I find that people with addiction who grew up in a household surrounded by addiction have a double whammy. They have the genetic predisposition, but they also missed the benefit of good role-modelling.  Good parenting (though no parents are ever perfect) is essential for the development of things like empathy, ability to delay gratification, frustration tolerance, etc.  So when these people stop using drugs, they still don’t function that well because they missed some important developmental tasks.  They need a lot of therapy and support to maintain sobriety.

So what are friends and family to do when they have a child, spouse, friend who is actively using and seems to be skyrocketing downward?  The pat answer has always been “don’t enable them.” But what does that really mean? Assuming that you’ve tried to get them in treatment and they’ve refused, what next?

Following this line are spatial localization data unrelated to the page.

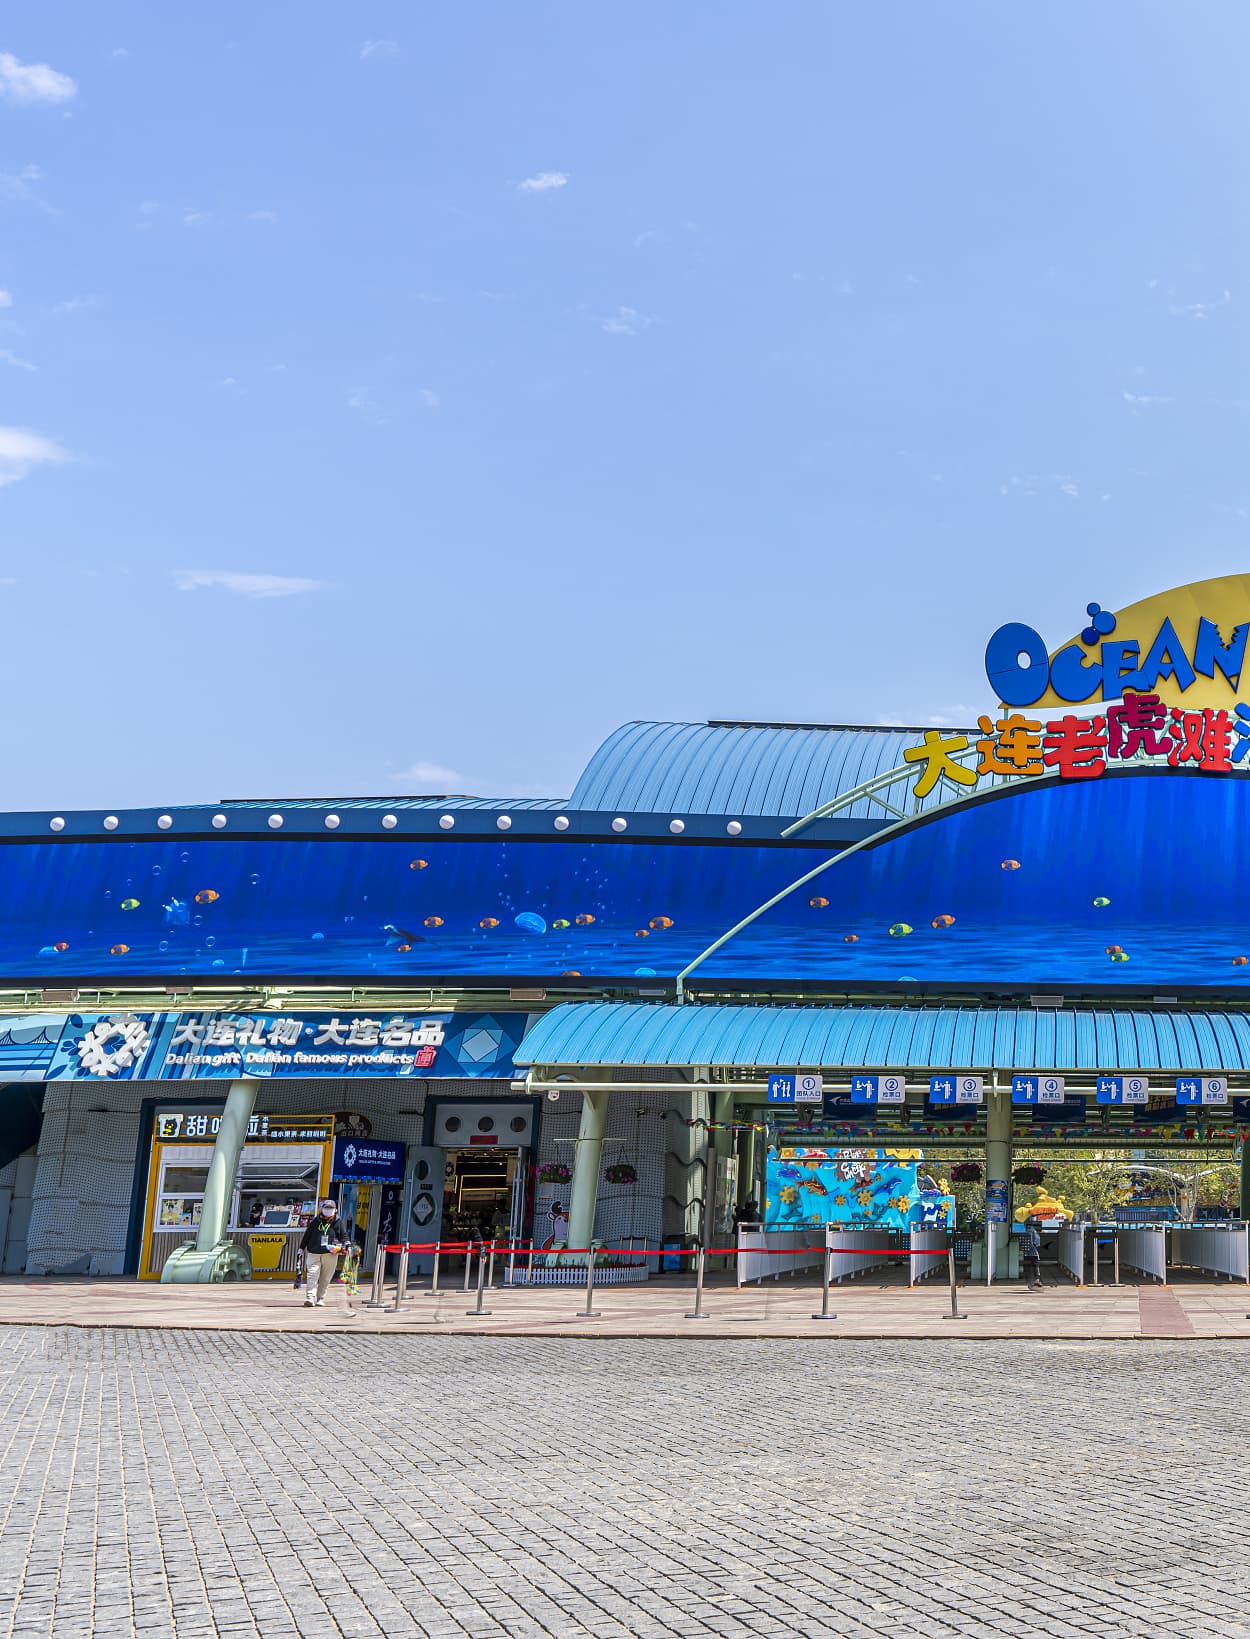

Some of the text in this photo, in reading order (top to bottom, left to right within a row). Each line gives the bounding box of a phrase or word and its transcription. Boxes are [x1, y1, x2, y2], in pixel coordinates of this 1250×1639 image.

[985, 615, 1250, 707] OCEAN
[171, 1018, 446, 1047] 大连礼物·大连名品
[165, 1053, 210, 1065] Dalian
[211, 1052, 242, 1067] gift
[246, 1051, 292, 1064] Dalian
[293, 1051, 347, 1064] famous
[349, 1052, 415, 1067] products
[250, 1236, 283, 1244] TIANLALA

Refusing to enable someone has usually meant letting them hit rock bottom. It means never giving them money, which they will surely use for drugs rather than food, never allowing them to stay with you as long as they are using, perhaps completely stopping communication with them.  The theory is that this may push them to get treatment. Sometimes it does, sometimes it doesn’t. Sometimes they die.

I wonder how I would handle it if my child suffered from a drug addiction.  Could I really cut them off totally? I’m not sure that I could.   You can always hope that your loved one finally agrees to treatment, but I’m not convinced that totally cutting them off is any guarantee.  However, I realize that sometimes families may need to do this to maintain their own sanity.

How can you provide some basic support for the addicted person, yet not enable their drug addiction? I don’t have easy answers to that.  I have worked with some families who provide food (not money for food) and a place to live – that’s it. No money and no transportation except to doctor’s appointments.   Sometimes they’ve come to that compromise after trying harsher approaches such as kicking the person out.  However, if the addicted person is violent or negatively affecting other people in the family, particularly younger children, then they really can’t be in the home.

Al-Anon is a good resource for families of people with addiction.  It is helpful to talk with other families who are going through the same thing.   Families dealing with addiction often tend to isolate. Don’t do it. It isn’t helpful in the long run.

People with addiction are masters at making their families and friends feel guilty for not helping them – in the way they want help.  Sometimes you have to love someone from afar.  You remind them that you believe that a better life is possible, that you are willing to help them, that you love them. You offer what you think they need, not what they think they need. If they don’t accept it, that is their choice.  It may be a choice fueled by their addiction, but in our society today it is still their choice.